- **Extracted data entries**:
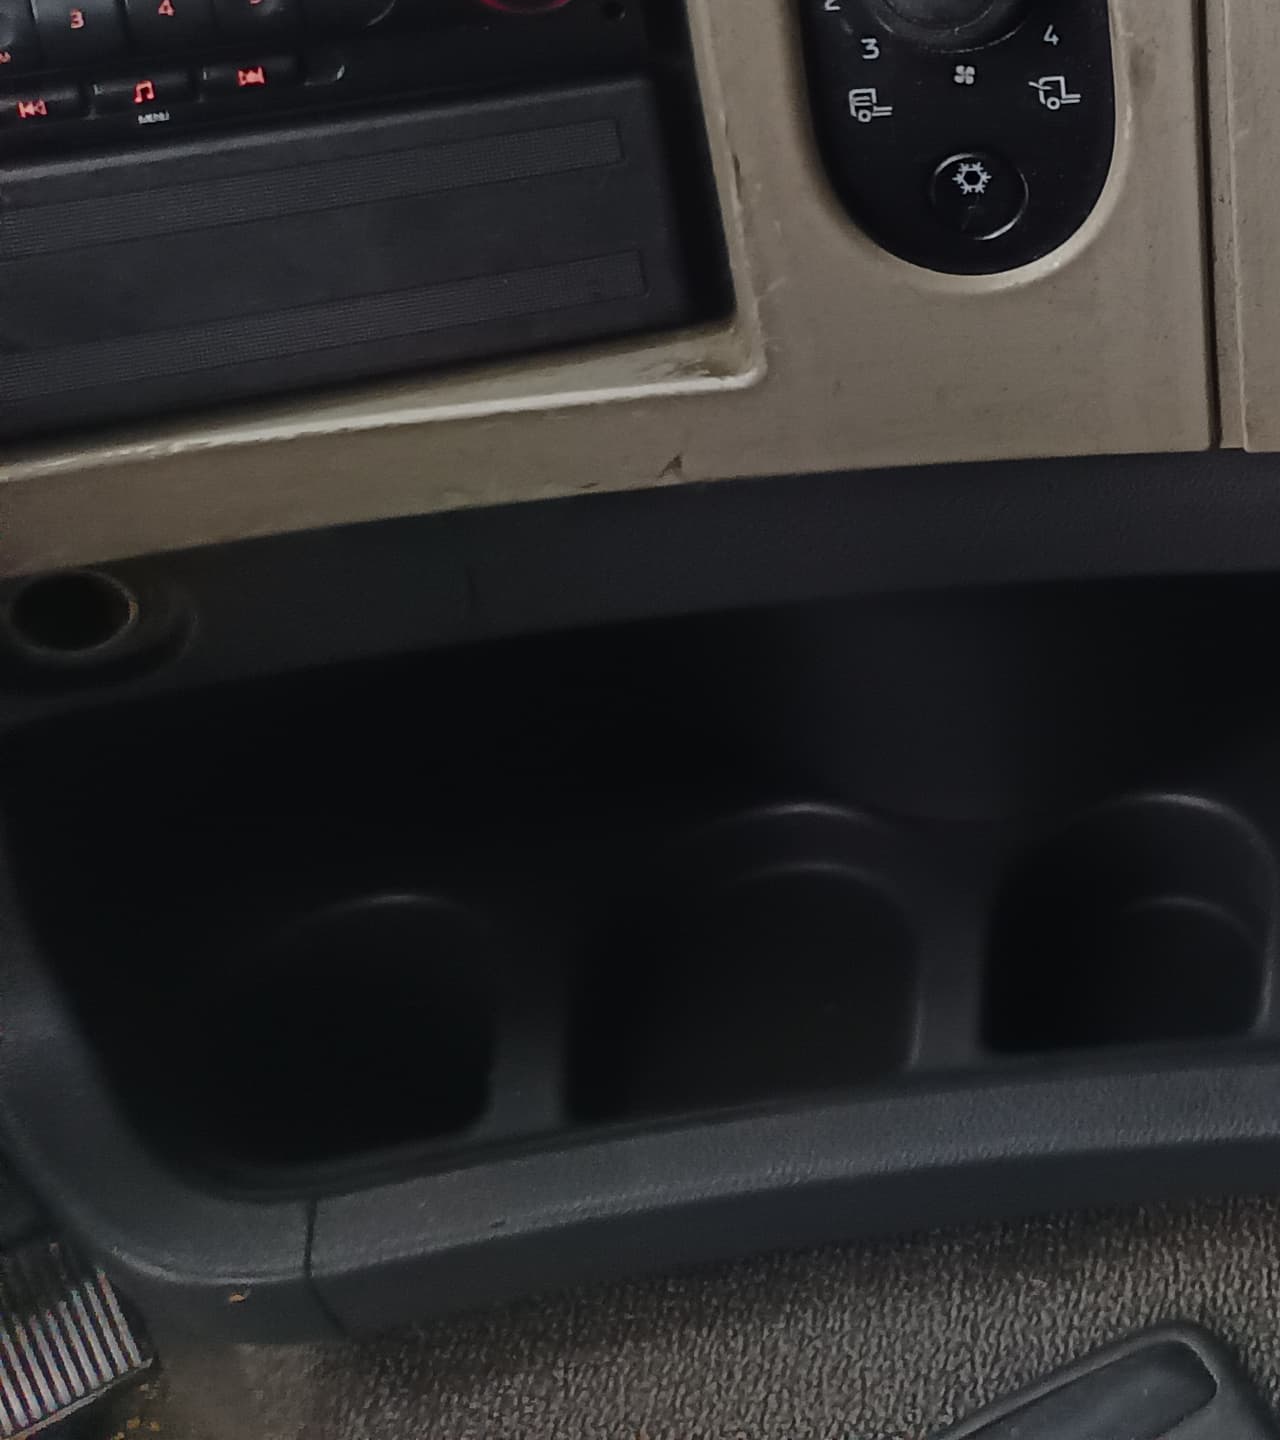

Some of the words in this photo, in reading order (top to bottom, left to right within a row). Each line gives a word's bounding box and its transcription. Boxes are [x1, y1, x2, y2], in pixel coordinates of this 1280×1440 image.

[158, 0, 175, 16] 4
[70, 9, 84, 29] 3
[1044, 25, 1060, 46] 4
[862, 38, 880, 60] 3

- **Work task**:
Reproduce each line of the records exactly and exclude any images.

- **Response to the exercise**:
Some of the words in this photo, in reading order (top to bottom, left to right within a row). Each line gives a word's bounding box and its transcription. Boxes are [x1, y1, x2, y2], in pixel coordinates of this 1280×1440 image.

[158, 0, 175, 16] 4
[70, 9, 84, 29] 3
[1044, 25, 1060, 46] 4
[862, 38, 880, 60] 3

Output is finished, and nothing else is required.